CHARLOTTETOWN - The Canadian Medical Association, in a new policy document released Monday, says provincial governments should hire private-sector firms to deliver publicly funded health-care services to prevent delays for medically necessary treatment.
Association president Colin McMillan said Canadians need timely access to medical services and the private sector could act as a "safety valve'' to ensure wait-time guarantees are met.
But a prominent critic of privatized health care was quick to denounce the association's policy paper as a blatant cash grab for doctors.
Michael McBane, co-ordinator for the Canadian Health Coalition, said the paper's recommendations would create a "dual practice'' system that would allow doctors to bill the public system then moonlight for the private sector.
"In most places across Canada, that's illegal,'' he said in an interview. "If we allowed doctors to have a dual practice, there would be no incentive for them to fix the public system.''
In fact, doctors working in the private sector would find it profitable to sabotage the public system to drive business to their private firms, McBane said.
"That's a conflict of interest.''
But the association's brief stresses that boosting the role of the private sector would help improve health-care wait times -- a key challenge that continues to dominate discussion in the health-care field.
McMillan, speaking to a business group in Charlottetown, said the federal and provincial governments have dragged their heels in setting wait-time benchmarks since promising to do so in 2004.
Earlier this year, Prime Minister Stephen Harper staged a splashy news conference where he announced a wait-times deal with the provinces.
But critics pointed out the deal was a significant climb-down from the Tory election promise to guarantee wait times in five key medical areas, and instead allowed provinces to choose just one procedure to guarantee by 2010.
In April, the association released a report card that concluded wait times were improving in a number of areas, including sight restoration, coronary bypass surgery, hip replacement and cancer radiation treatment.
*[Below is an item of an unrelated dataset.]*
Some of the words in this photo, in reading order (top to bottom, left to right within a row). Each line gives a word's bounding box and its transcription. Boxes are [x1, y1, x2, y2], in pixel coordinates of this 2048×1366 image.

But the report said there were significant gaps and omissions.
Still, McMillan said a $612-million wait-times guarantee trust, established in this year's federal budget, was "a good start.''
'It says you've agreed on the wait times, you've agreed on the guarantees, and for whatever reason an individual cannot take advantage of that, there's an option.''
Doug Currie, Prince Edward Island's health minister, said his province has sent patients outside the province and outside Canada when necessary medical services were not available.
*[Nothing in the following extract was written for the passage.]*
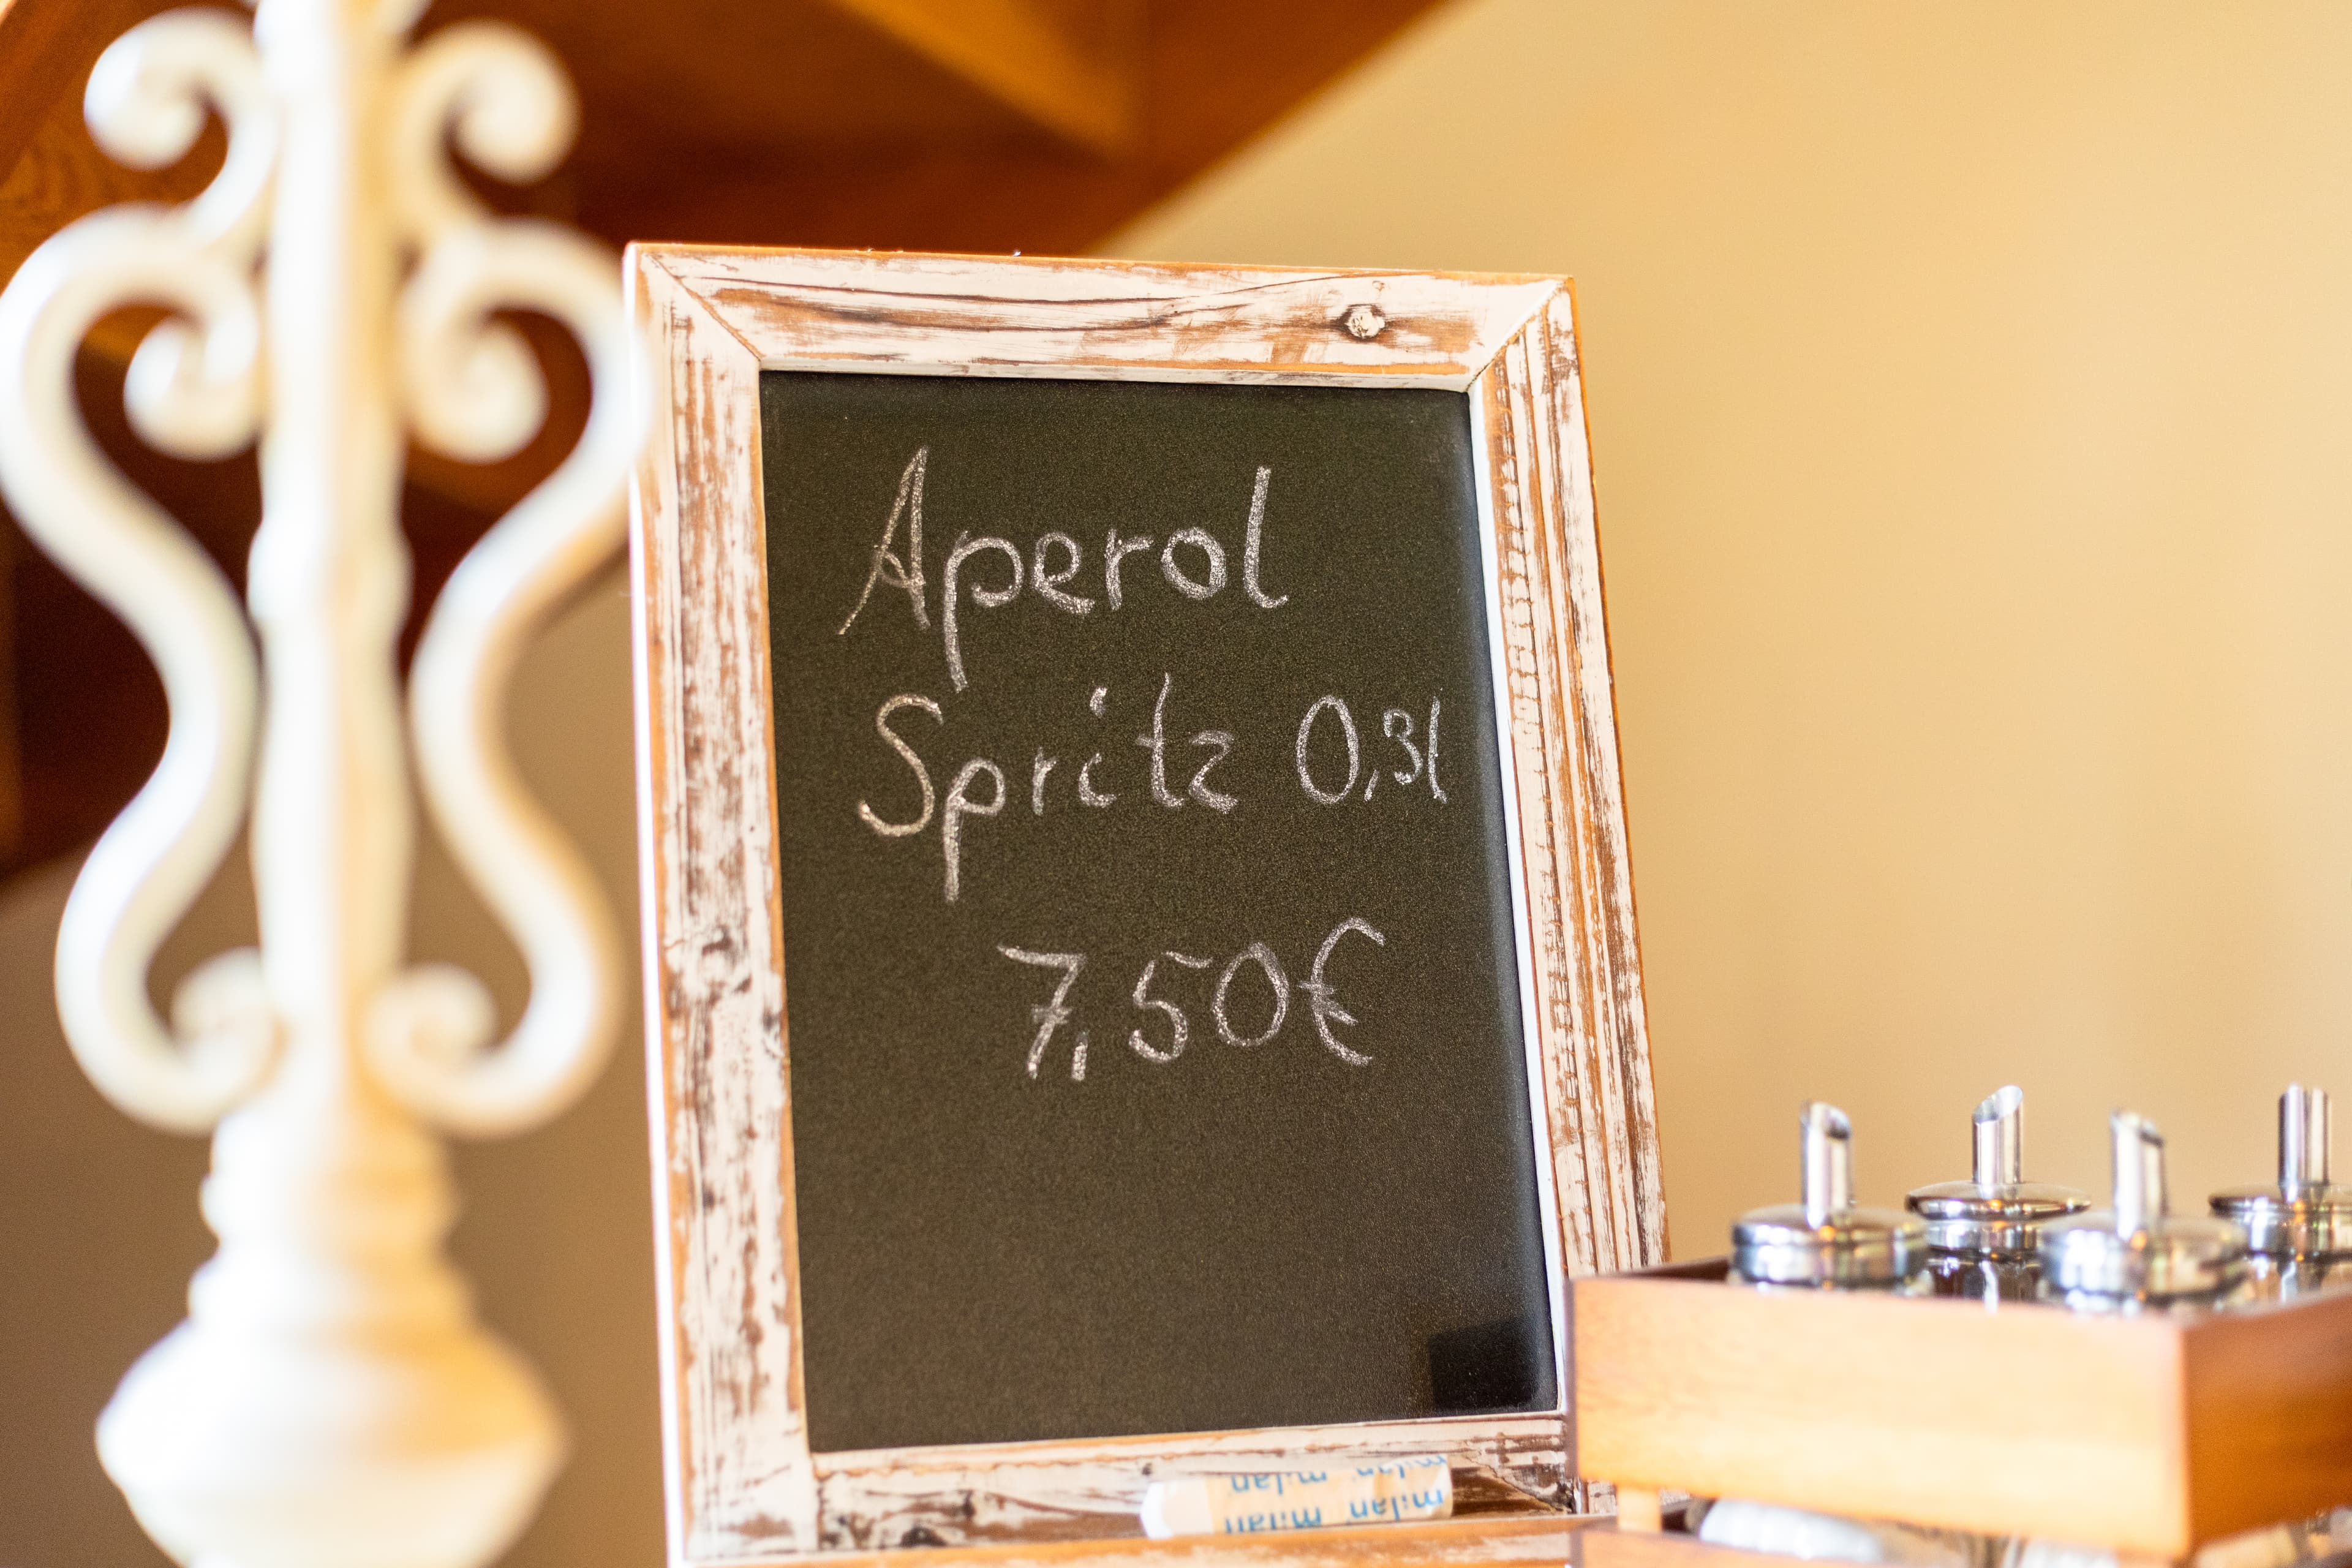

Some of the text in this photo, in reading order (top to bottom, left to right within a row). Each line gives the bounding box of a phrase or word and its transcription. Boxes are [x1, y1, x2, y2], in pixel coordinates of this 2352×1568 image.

[839, 445, 1288, 692] Aperol
[860, 672, 1238, 902] Spritz
[997, 917, 1385, 1082] 7,50€
[1349, 1489, 1444, 1523] milan
But it's clear that getting the private sector more involved in Canada's health-care system is still a touchy topic at the provincial level.
"That's not something I'm prepared to discuss right now,'' the minister said when asked about the medical association's policy document.
As for McBane, whose advocacy group represents nurses, seniors, unions and low-income Canadians, he insisted the medical association's policy paper represents a significant shift for Canada's doctors.
"It opens the door for people to jump the queue who have money,'' he said.
"It really signals the Canadian Medical Association abandoning the core principles of medicare. They want to return to the days before medicare, when doctors could charge whatever they wanted.''
Quebec currently offers a private-sector option on a limited basis, largely because of a 2005 Supreme Court ruling.
Dr. Jacques Chaoulli, an advocate of private-for-profit hospitals and clinics, was behind the landmark decision that struck down Quebec's ban on private health insurance for private care. The ruling permits patients to use private care when faced with unreasonable delays.
The medical association suggests that other provincial governments could be forced to follow Quebec's lead because similar lawsuits are moving forward in Alberta and Ontario.
Meanwhile, McMillan said a key to reducing wait times will be ensuring an adequate supply of doctors, nurses and other health-care professionals.
He said governments must increase the number of medical students, and make it attractive for health professionals who have left Canada to return home.
The policy statement is intended to spark debate on the future of medicare in Canada, but McMillan stressed that doesn't mean moving to an American, for-profit system.
"No one's talking about that,'' he said. "The models that people are looking at are European models, the French co-pay, the Scandanavian, or something of a mixed system.''
One of the major issues up for debate is drug coverage.
Over the past two decades, prescription drugs as a proportion of total health spending have doubled from seven per cent in 1986 to an estimated 14.2 per cent in 2006.
It's estimated that some 3.5 million Canadians are either uninsured or underinsured for prescription drug costs.
In 2003, the federal and provincial governments committed to having catastrophic drug coverage in place by the end of 2005-06. But the CMA says little collective action has taken place since then.
The association says there is a need to provide coverage for catastrophic prescription drugs and a growing list of so-called "orphan'' drugs for rare diseases.